If a record contains a picture, drop the picture and copy everything else exactly.

§ DATASET EXCERPTS
┌──

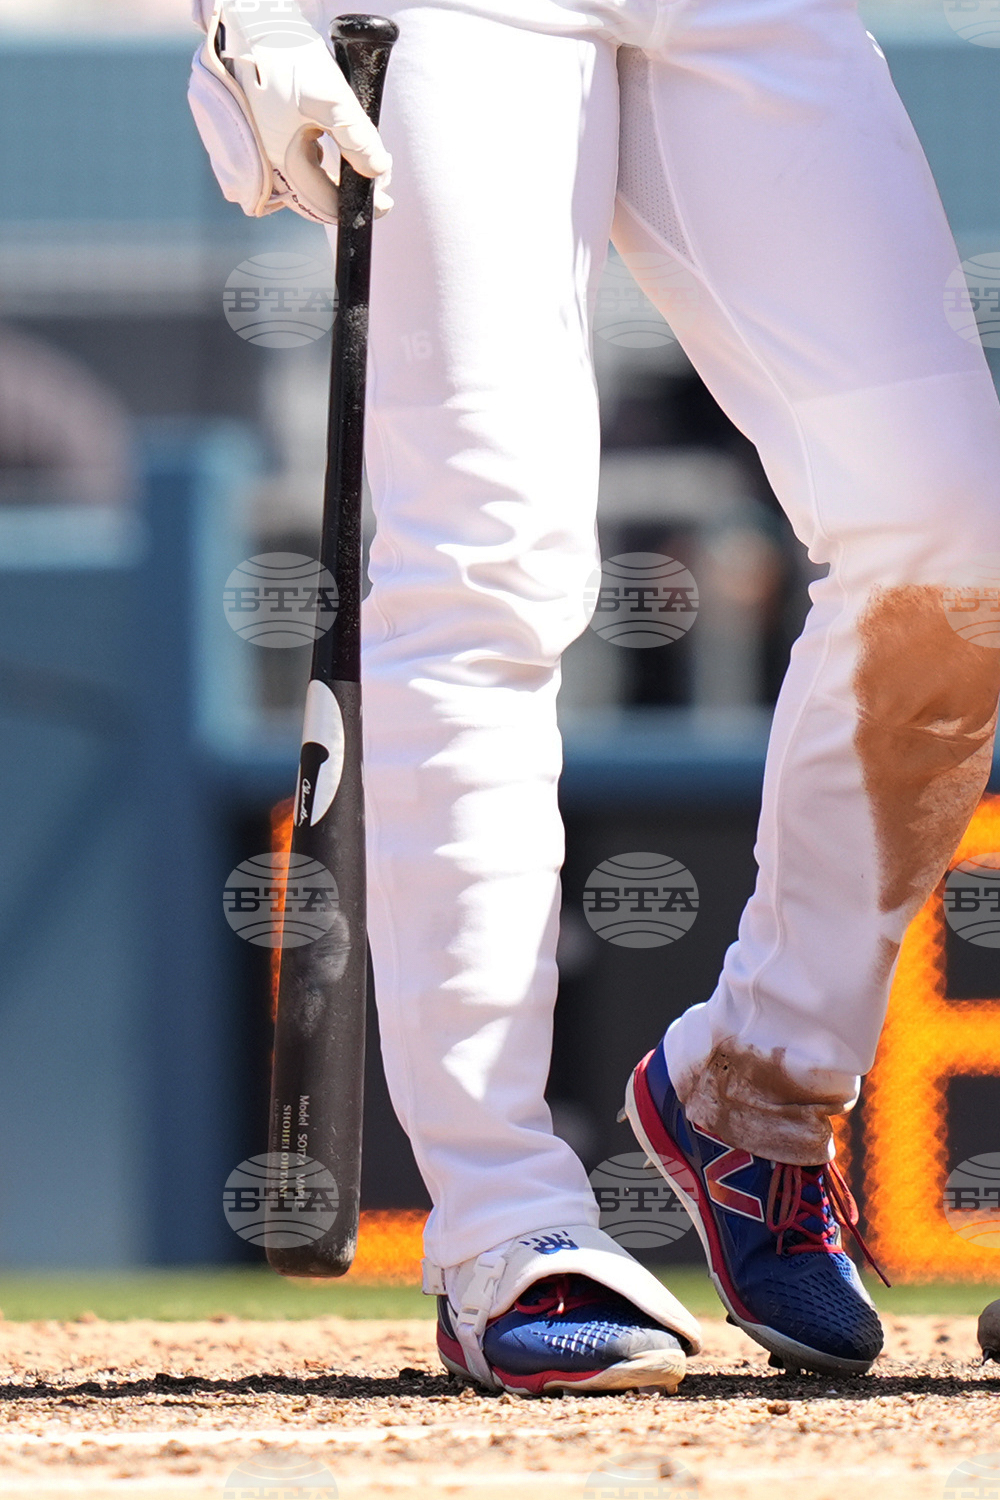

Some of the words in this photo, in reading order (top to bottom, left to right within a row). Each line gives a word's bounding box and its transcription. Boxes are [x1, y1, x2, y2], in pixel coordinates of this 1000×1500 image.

[281, 1104, 292, 1150] SHOHEI
[298, 1094, 310, 1126] Model
[279, 1152, 290, 1198] OHTANI
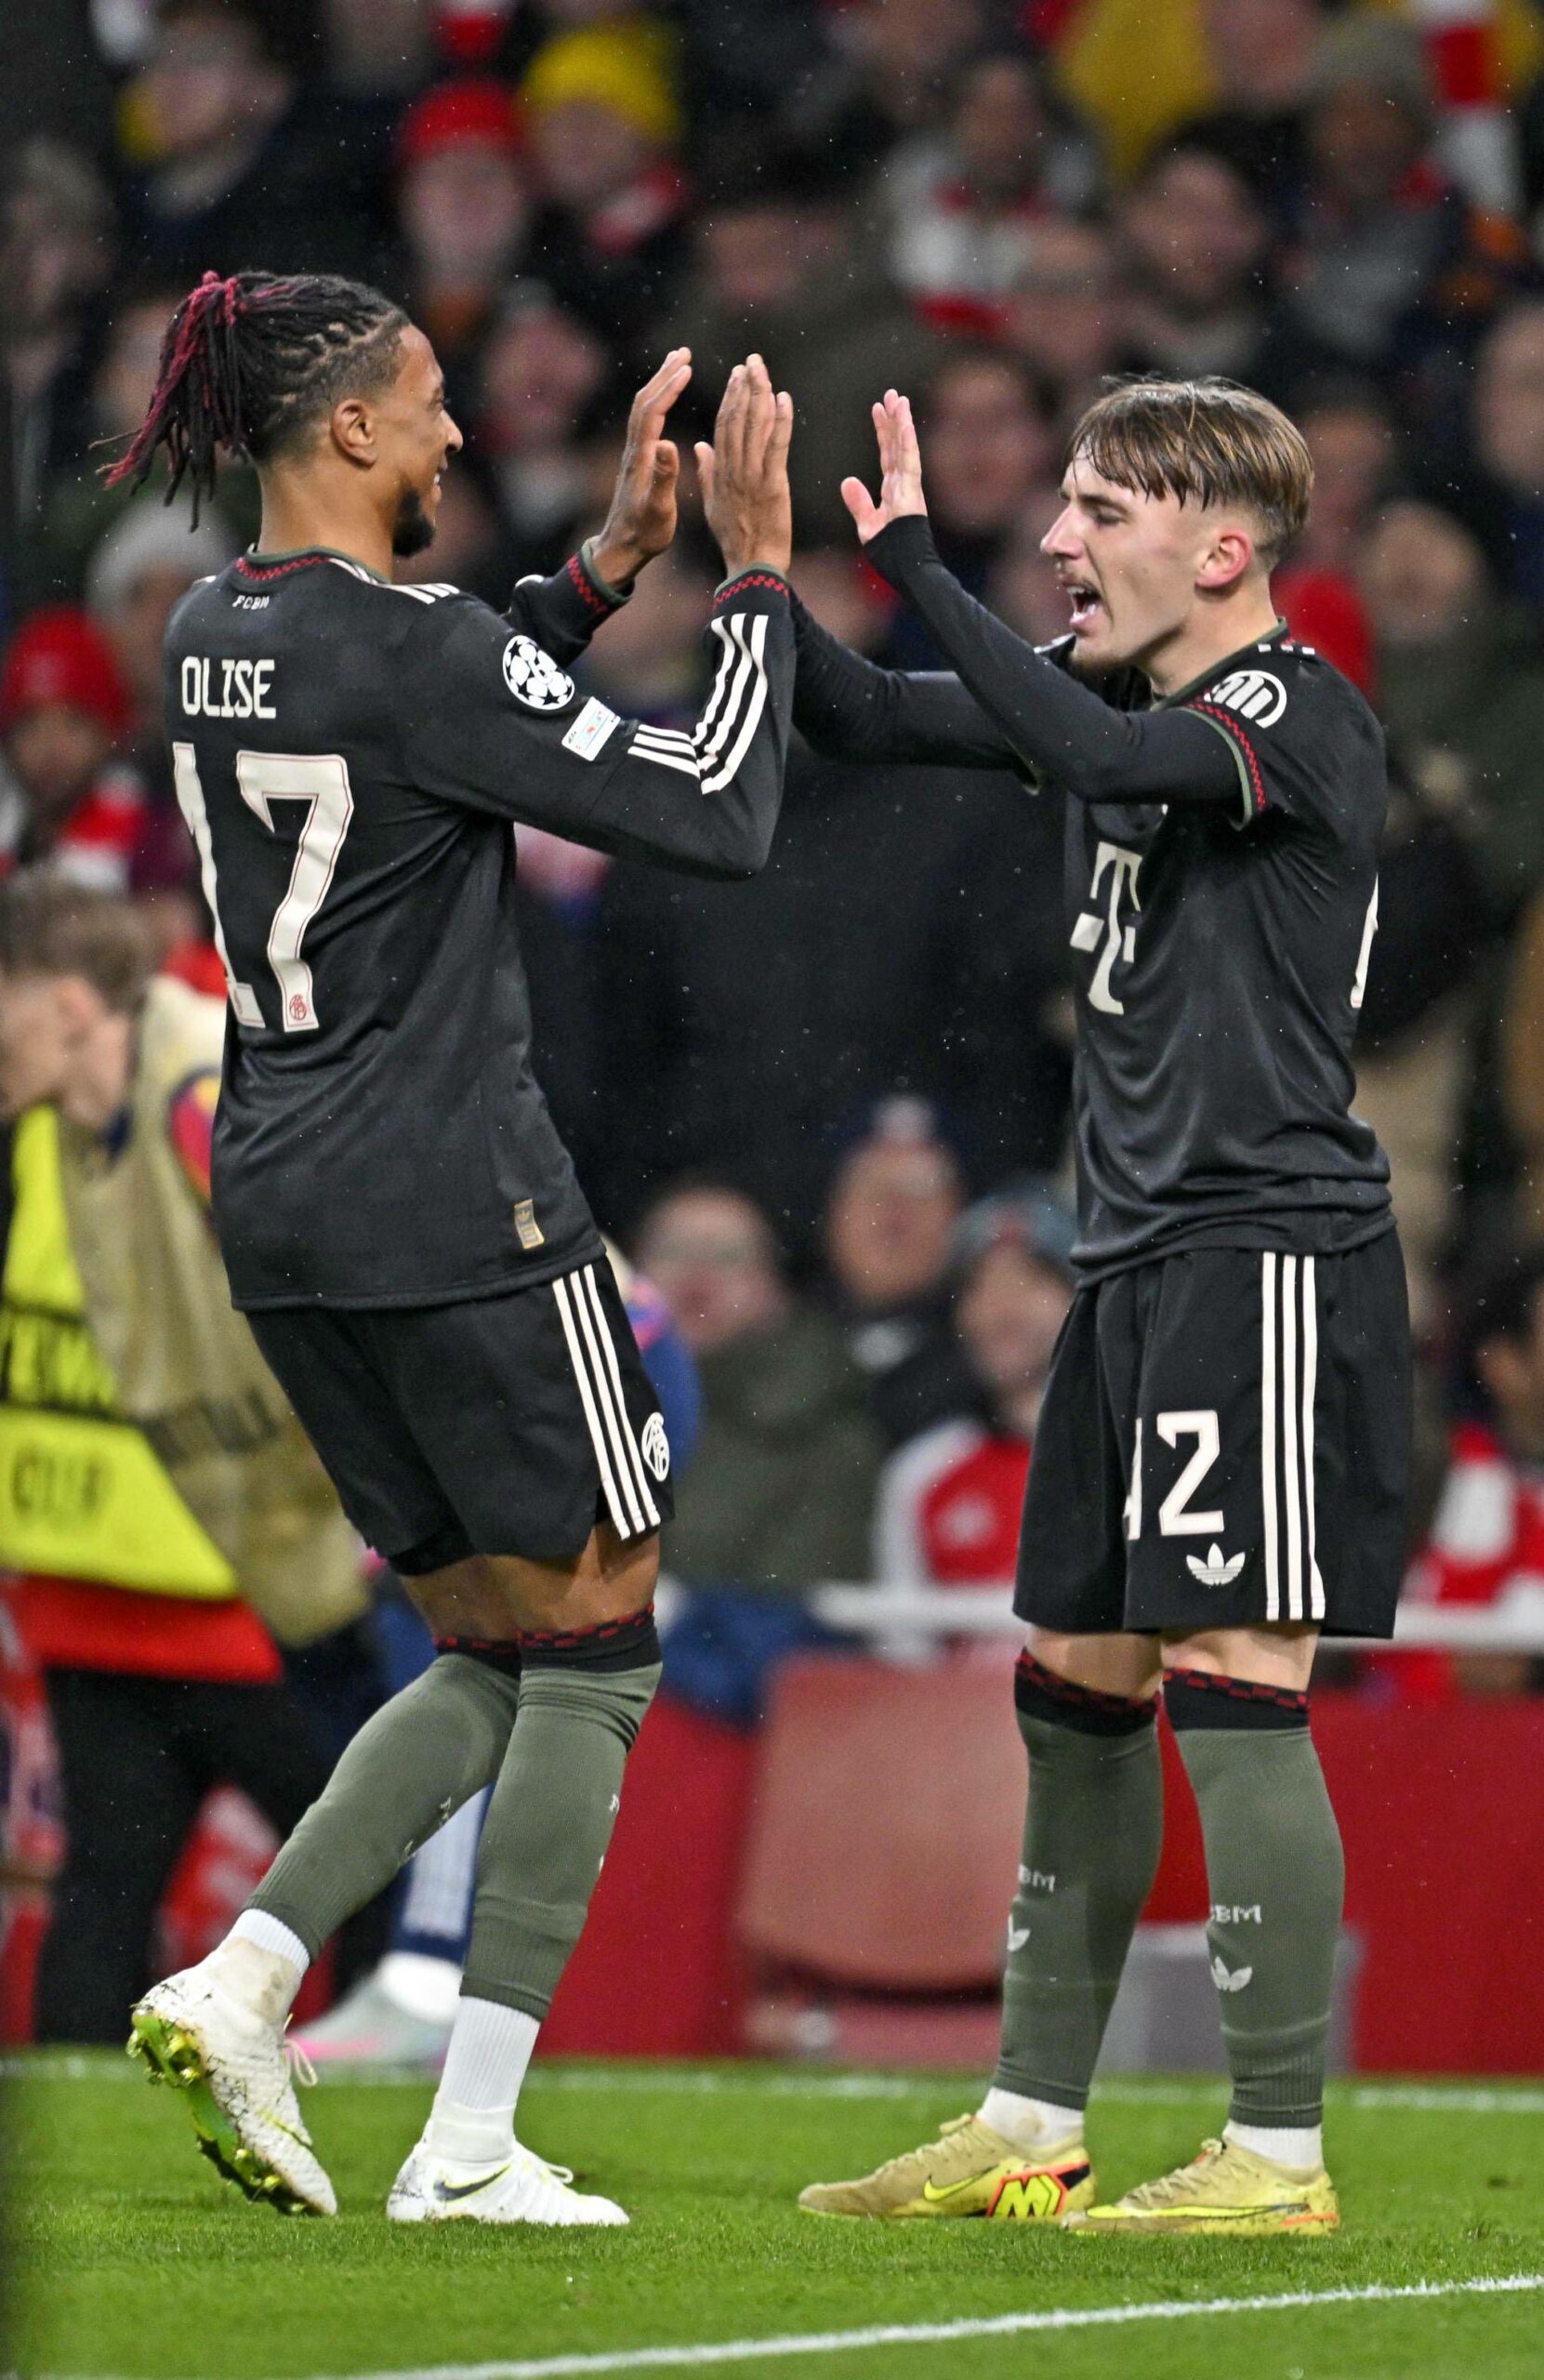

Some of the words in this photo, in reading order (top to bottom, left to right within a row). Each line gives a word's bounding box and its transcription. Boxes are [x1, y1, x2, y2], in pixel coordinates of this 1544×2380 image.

└──

§ RESULT BELOW
Some of the words in this photo, in reading order (top to bottom, left to right within a row). Each line gives a word's bounding box and its transcription. Boxes are [x1, y1, x2, y2], in pixel coordinates of this 1000×1500 image.

[281, 1104, 292, 1150] SHOHEI
[298, 1094, 310, 1126] Model
[279, 1152, 290, 1198] OHTANI

Some of the words in this photo, in reading order (top to bottom, left to right within a row). Each line gives a word's bounding box and its transcription. Boxes are [x1, y1, x2, y2], in pixel coordinates of this 1544×2380 image.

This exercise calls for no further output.